Principal SRE ( Site Reliability Engineer)



Role:


Cribl Inc is seeking an incredibly talented Principal Site Reliability Engineer to join our mission to unlock the value of all machine data. Cribl provides users a new level of observability, intelligence and control over their real-time data. You will join a team of technical engineers who are committed to shipping only high-quality software and enjoying all the goat gifs the internet has to offer. This role is remote and you will report into the engineering organization where you will contribute in our efforts to envision, create and run Cribl Cloud offering.


In this role you will engage with engineering teams across the Cribl products and implement modern interpretations of SRE, observability, Chaos Engineering and DevOps. Our software is deployed in some of the largest organizations in the world processing 100s of TB to PB of IT & Security data.


Responsibilities:



  • You will drive technology direction within the product domain and influence setting the bar for the engineering team(s) for technical excellence and delivery.

  • You will work closely with other technical leader and architect(s) to understand and capture product dependencies and align/prioritize project execution; able to challenge decisions when needed

  • You will provide thought leadership for the vision, strategy and architecture for the SRE and SaaS engineering teams.

  • You will work with engineers to ensure that the designed solution responds to non-functional requirements such as availability, performance, security, and maintainability.

  • Improve the reliability of our systems by working with engineers to ensure that the software delivery pipeline is as efficient as possible.

  • Mentor our engineers to achieve more than they thought possible.
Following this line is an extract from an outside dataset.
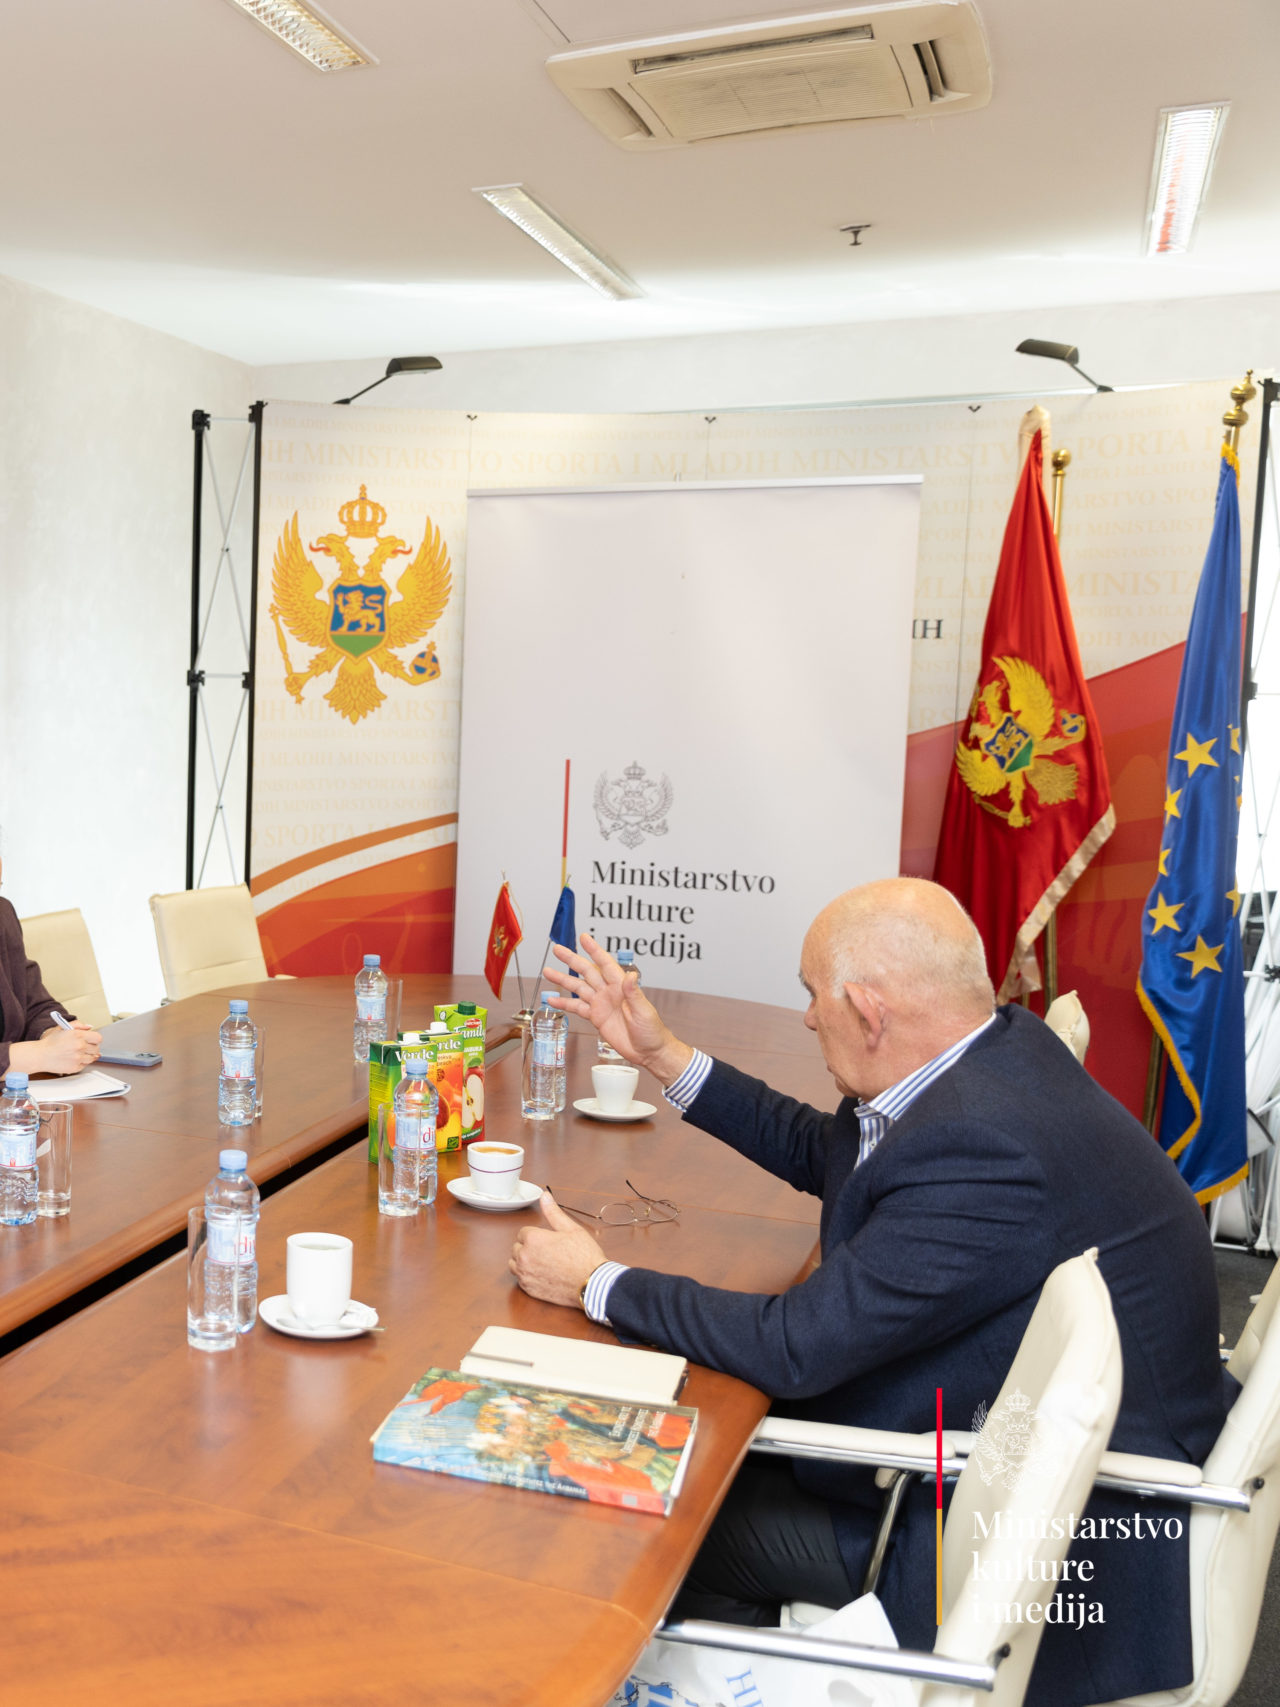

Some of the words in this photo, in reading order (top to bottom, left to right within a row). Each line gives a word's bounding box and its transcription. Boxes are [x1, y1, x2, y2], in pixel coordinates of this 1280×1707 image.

You enjoy making other teams successful and are fulfilled through the success of others.

  • You will write and update documentation, including runbooks/playbooks



    • You will automate work including infrastructure needs, testing, failover solutions, failure mitigation, and much more

    • You will debug complex problems across an entire stack and creating solid solutions




Minimum Qualifications:



  • 10+ years experience with software engineering, software development, and/or system operations

  • Able to lead complex initiatives/projects from inception to completion

  • Experience building, and operating large-scale production systems

  • Knowledge of Container technologies, Python, Go, Java/JS/TS & source control (Git, GitHub)

  • Experience working with container deployment and orchestration technologies with knowledge of fundamentals including service discovery, deployments, monitoring, scheduling, and load balancing.

  • Understanding of Systems programming (network stack, file system, OS services) and networking (L2 vs. L3, network architecture, VLANs)

  • Experience identifying performance bottlenecks, identifying anomalous system behavior, and resolving root cause of service issues.

  • You have skills to work across teams and functions to influence design, operations and deployment of available software.


Bonus Points/Preferred Qualifications:



  • Experience with development and deployment in a hosted cloud environment, preferably AWS & GCP.

  • Experience with running containerized environments and understanding of multi-tenancy and security implications.

  • Experience with optimized and scalable software that operates on a large number of nodes.

  • Experience with monitoring and observability tools and applications, such as Data Dog or Elastic Search.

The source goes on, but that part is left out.